▶ **ASSIGNMENT**
Set down every record below exactly as it appears, but without the pictures.

▶ **INPUT**
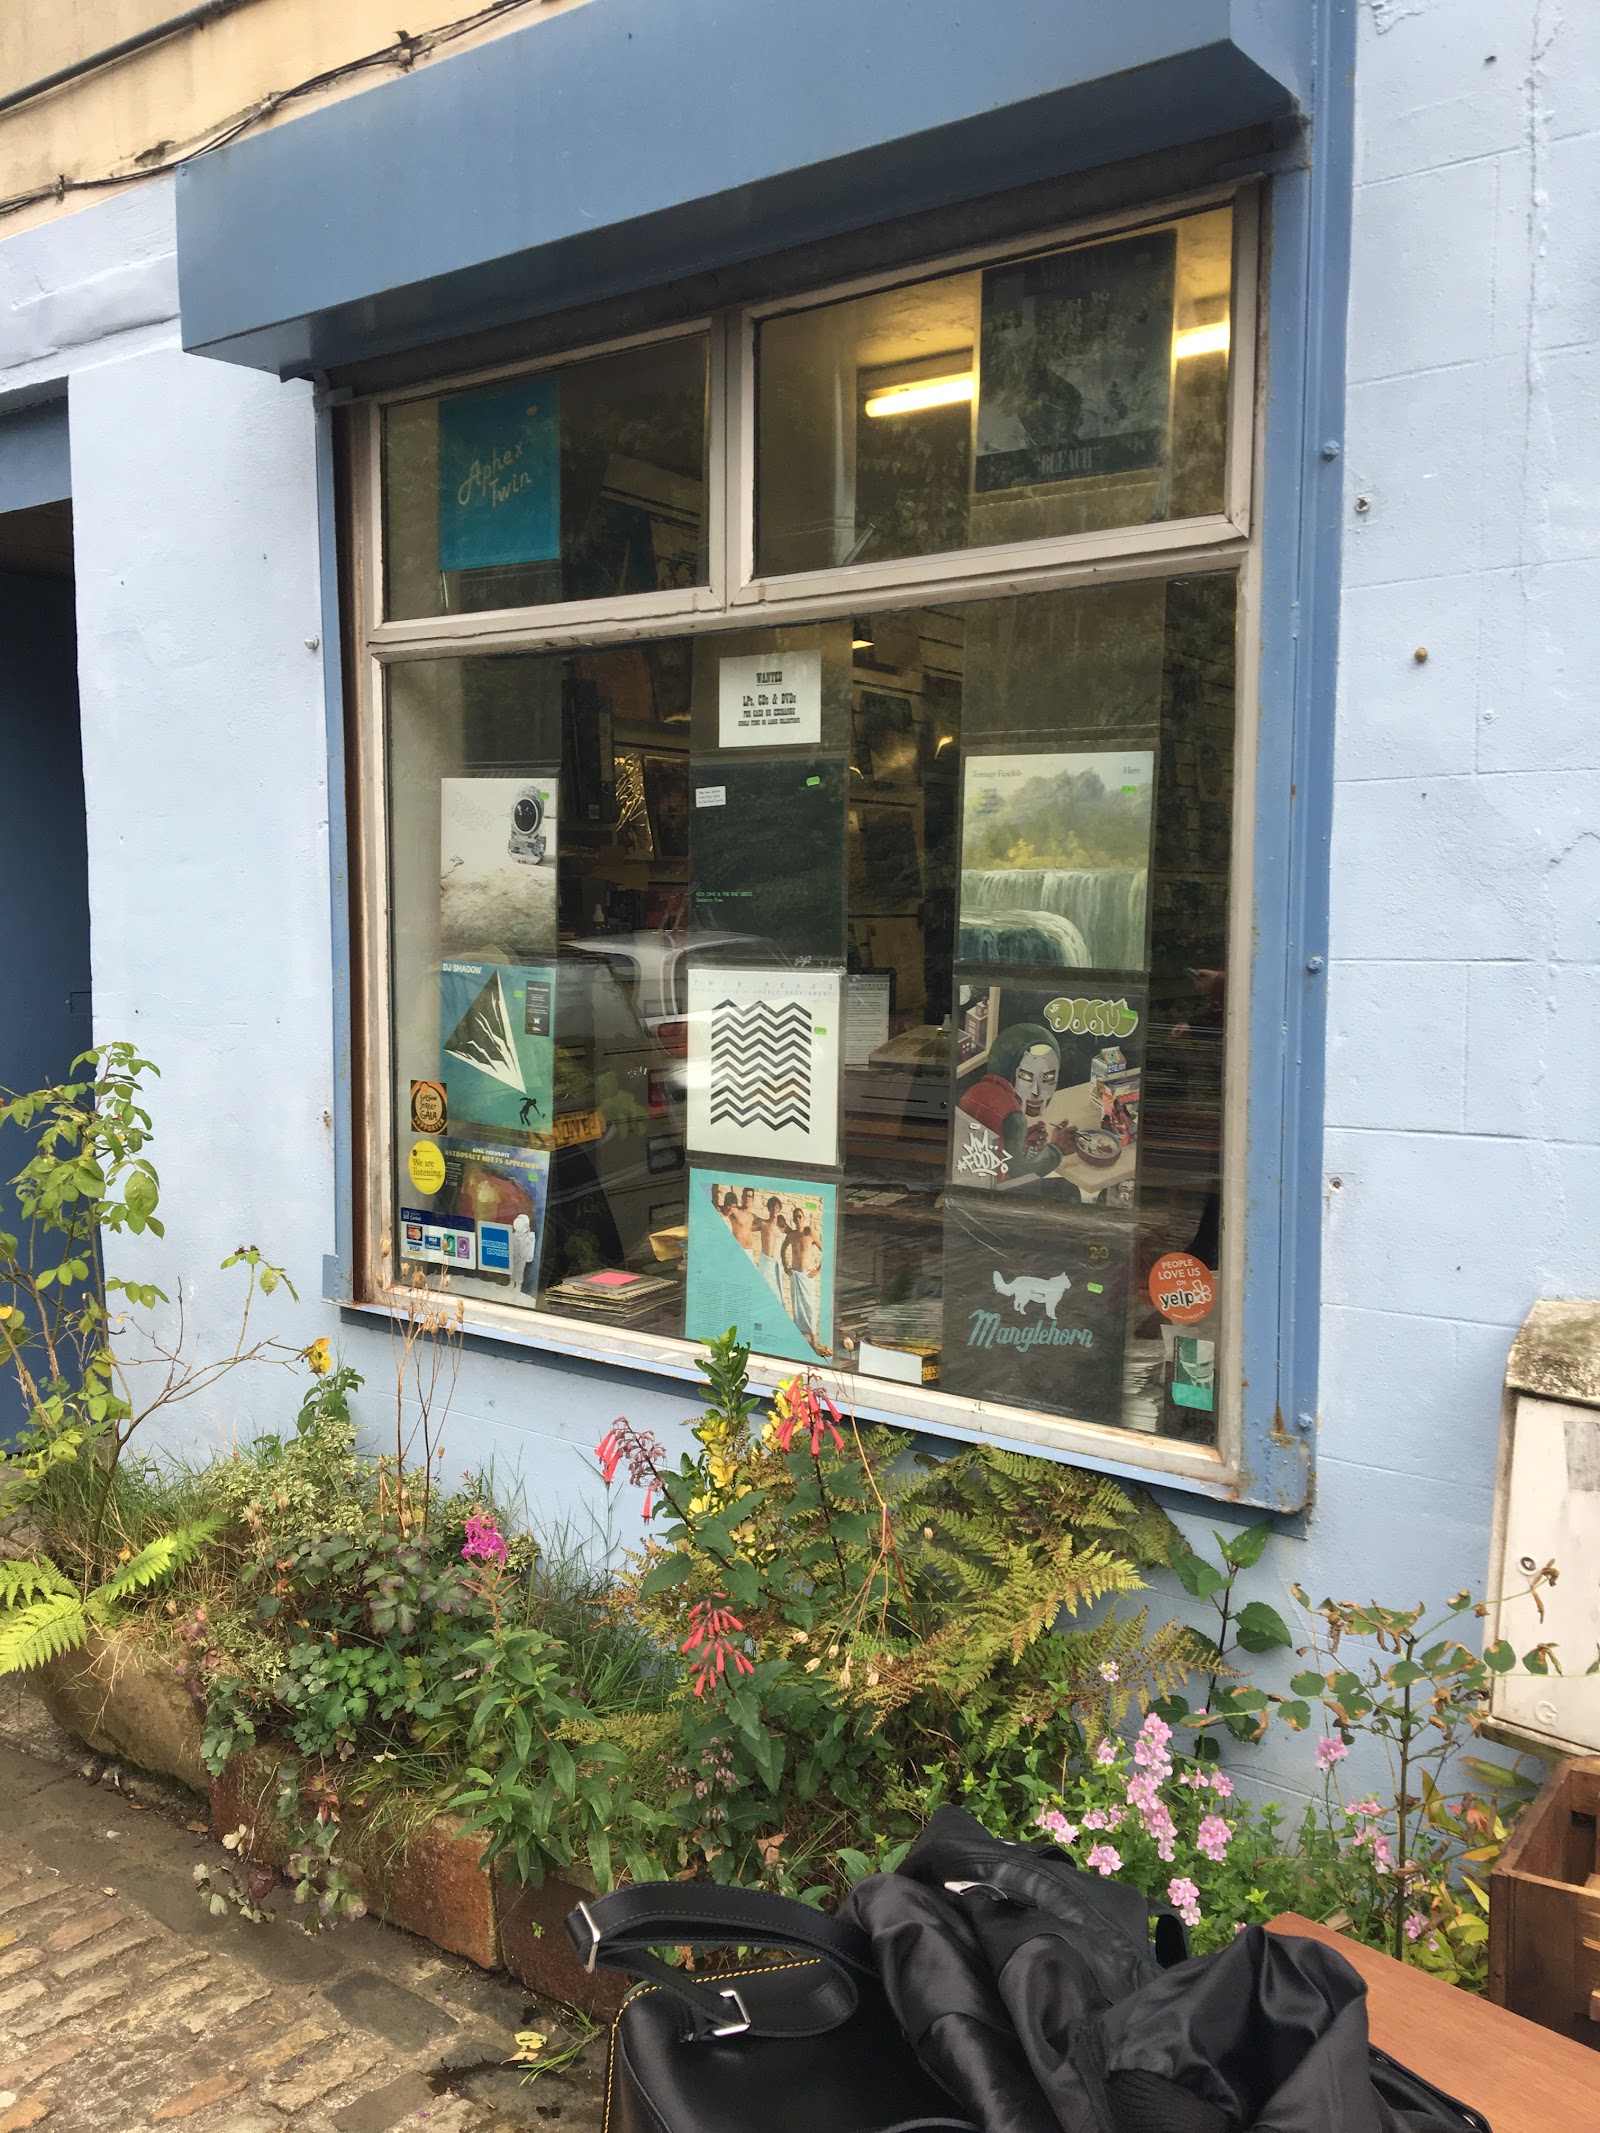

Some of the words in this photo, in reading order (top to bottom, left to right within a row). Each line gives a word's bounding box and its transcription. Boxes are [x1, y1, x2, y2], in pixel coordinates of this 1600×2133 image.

[458, 441, 522, 505] Aphex
[489, 471, 532, 508] Twin
[755, 671, 782, 683] WANTED
[758, 694, 769, 706] CDs
[772, 693, 778, 705] &
[781, 692, 796, 704] DVDs
[442, 963, 452, 972] DJ
[453, 964, 482, 975] SHADOW
[413, 1158, 423, 1168] We
[425, 1160, 435, 1168] are
[444, 1149, 481, 1161] ASTRONAUT
[481, 1154, 504, 1165] MEETS
[504, 1159, 540, 1170] APPLEMAN
[482, 1239, 508, 1250] AMERICAN
[487, 1247, 509, 1258] EXPRESS
[1162, 1258, 1194, 1269] PEOPLE
[1158, 1269, 1186, 1280] LOVE
[1187, 1267, 1201, 1277] US
[1158, 1288, 1196, 1311] yelp
[967, 1309, 1094, 1353] Manglehorn

▶ **TASK RESULT**
Some of the words in this photo, in reading order (top to bottom, left to right within a row). Each line gives a word's bounding box and its transcription. Boxes are [x1, y1, x2, y2], in pixel coordinates of this 1600×2133 image.

[458, 441, 522, 505] Aphex
[489, 471, 532, 508] Twin
[755, 671, 782, 683] WANTED
[758, 694, 769, 706] CDs
[772, 693, 778, 705] &
[781, 692, 796, 704] DVDs
[442, 963, 452, 972] DJ
[453, 964, 482, 975] SHADOW
[413, 1158, 423, 1168] We
[425, 1160, 435, 1168] are
[444, 1149, 481, 1161] ASTRONAUT
[481, 1154, 504, 1165] MEETS
[504, 1159, 540, 1170] APPLEMAN
[482, 1239, 508, 1250] AMERICAN
[487, 1247, 509, 1258] EXPRESS
[1162, 1258, 1194, 1269] PEOPLE
[1158, 1269, 1186, 1280] LOVE
[1187, 1267, 1201, 1277] US
[1158, 1288, 1196, 1311] yelp
[967, 1309, 1094, 1353] Manglehorn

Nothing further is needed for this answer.